G-8 significa “grupo de los ocho países” y es sencillamente eso, un grupo exclusivo de líderes políticos de ocho países en concreto. No es una institución, no tiene constitución ni estatutos, y no tiene secretaría permanente ni sedes. Son, por supuesto, los estados más industrializados, más ricos y poderosos del mundo.

El G-8 se constituyó como grupo de seis países en un momento de importantes desequilibrios económicos mundiales en los años 70. Los líderes de esos países explicaron que se reunieron con la intención de controlar las crisis para salvaguardar los intereses de la estabilidad global. Una estabilidad que, por supuesto, aseguraba que ellos retenían su poder, con su intereses en el corazón de la agenda, y esto ha supuesto orientar la economía global en una dirección que refuerza la supremacía de intereses privados y de multinacionales sobre los democráticos y colectivos (por ejemplo, favoreciendo privatizaciones, desregulaciones, movilidad del capital y la erosión del control soberano sobre las economías domésticas).

Los miembros del G-8 han evolucionado en el tiempo hasta incluir a Estados Unidos, Reino Unido, Francia, Alemania, Italia, Japón, Rusia, Canadá y el presidente de la Unión Europea. El alcance de sus agendas también ha evolucionado desde su primer encuentro en la sombra, que se centró en política macroeconómica. Ahora temas como seguridad, comercio, relaciones con países en vías de desarrollo y otros asuntos transnacionales e incluso domésticos, como el empleo, son los temas sobre los que hablan.

Es importante tener claro que los encuentros del G-8 no son foros oficiales de decisión política.
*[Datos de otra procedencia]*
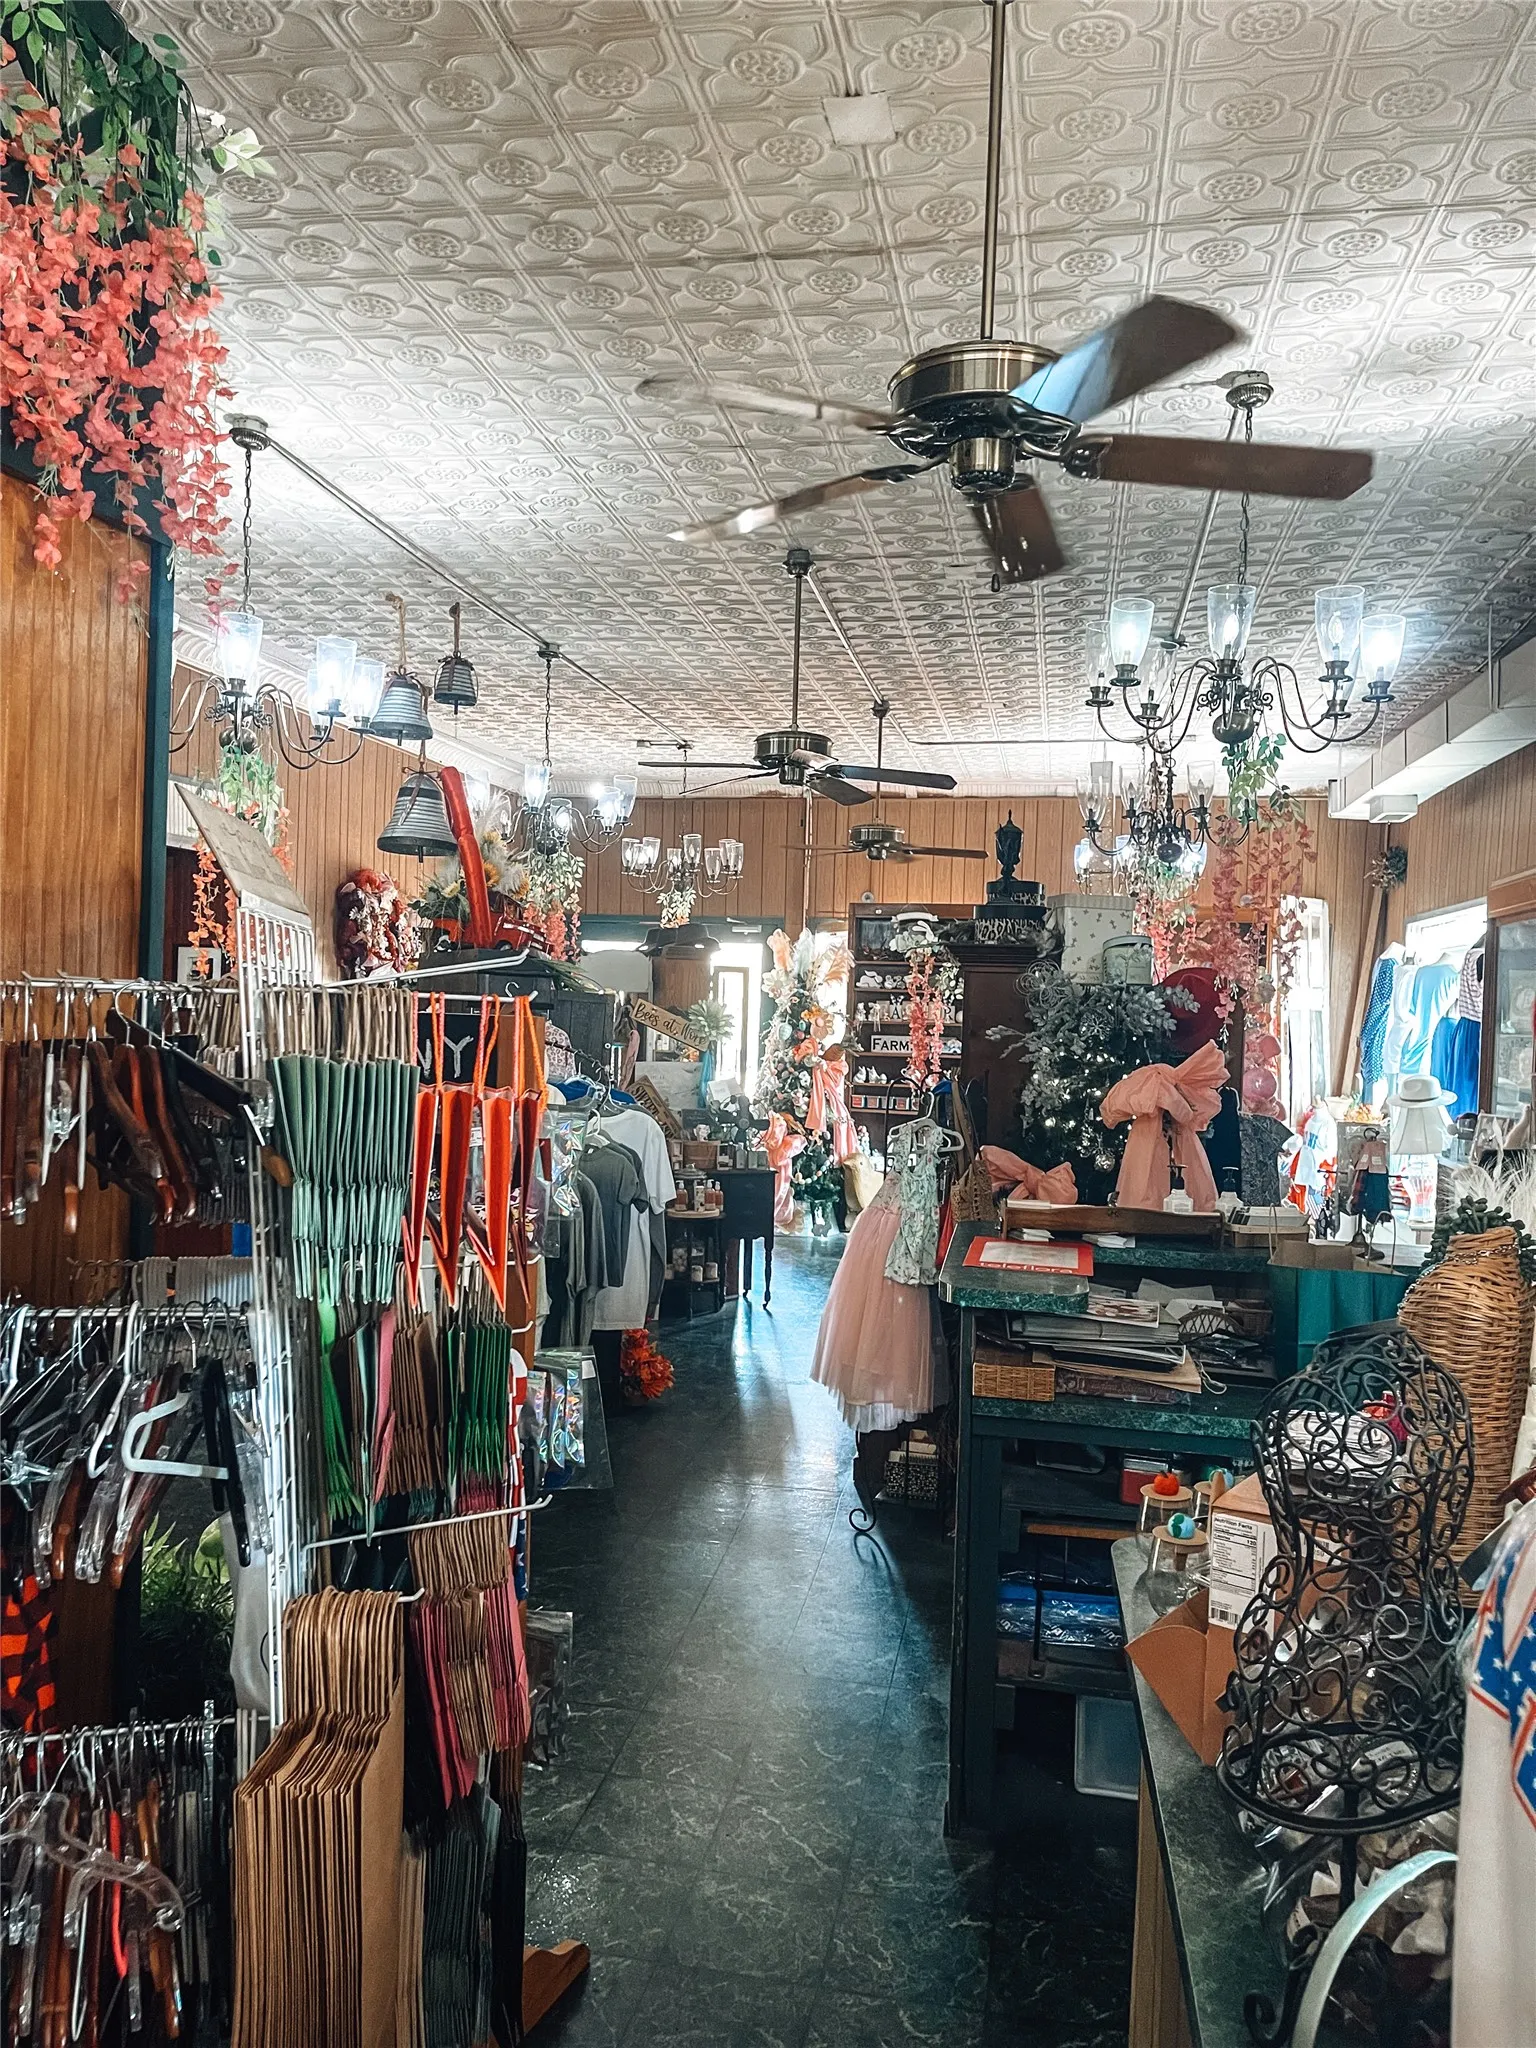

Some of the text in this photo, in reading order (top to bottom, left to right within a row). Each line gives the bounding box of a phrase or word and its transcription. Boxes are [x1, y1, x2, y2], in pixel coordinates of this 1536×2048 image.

Son espacios para que los líderes de estos países trabajen conjuntamente y creen relaciones, para que discutan complejos temas internacionales y crisis, que permitan una más poderosa respuesta colectiva.

La coordinación de estos países y su desigual influencia sobre las instituciones internacionales, como la OMC, el FMI o el G-20, asegura que sus intereses dominan el orden mundial.

Así, los encuentros del G-8 siempre han sido focos de protestas y contracumbres. Siguiendo la llamada de la Acción Global de los Pueblos para un día de acción global en 1998, las protestas en las cumbres han crecido y se han fortalecido, forzando al G-8 a buscar lugares cada vez más remotos para sus reuniones, incrementando así los costes de su seguridad.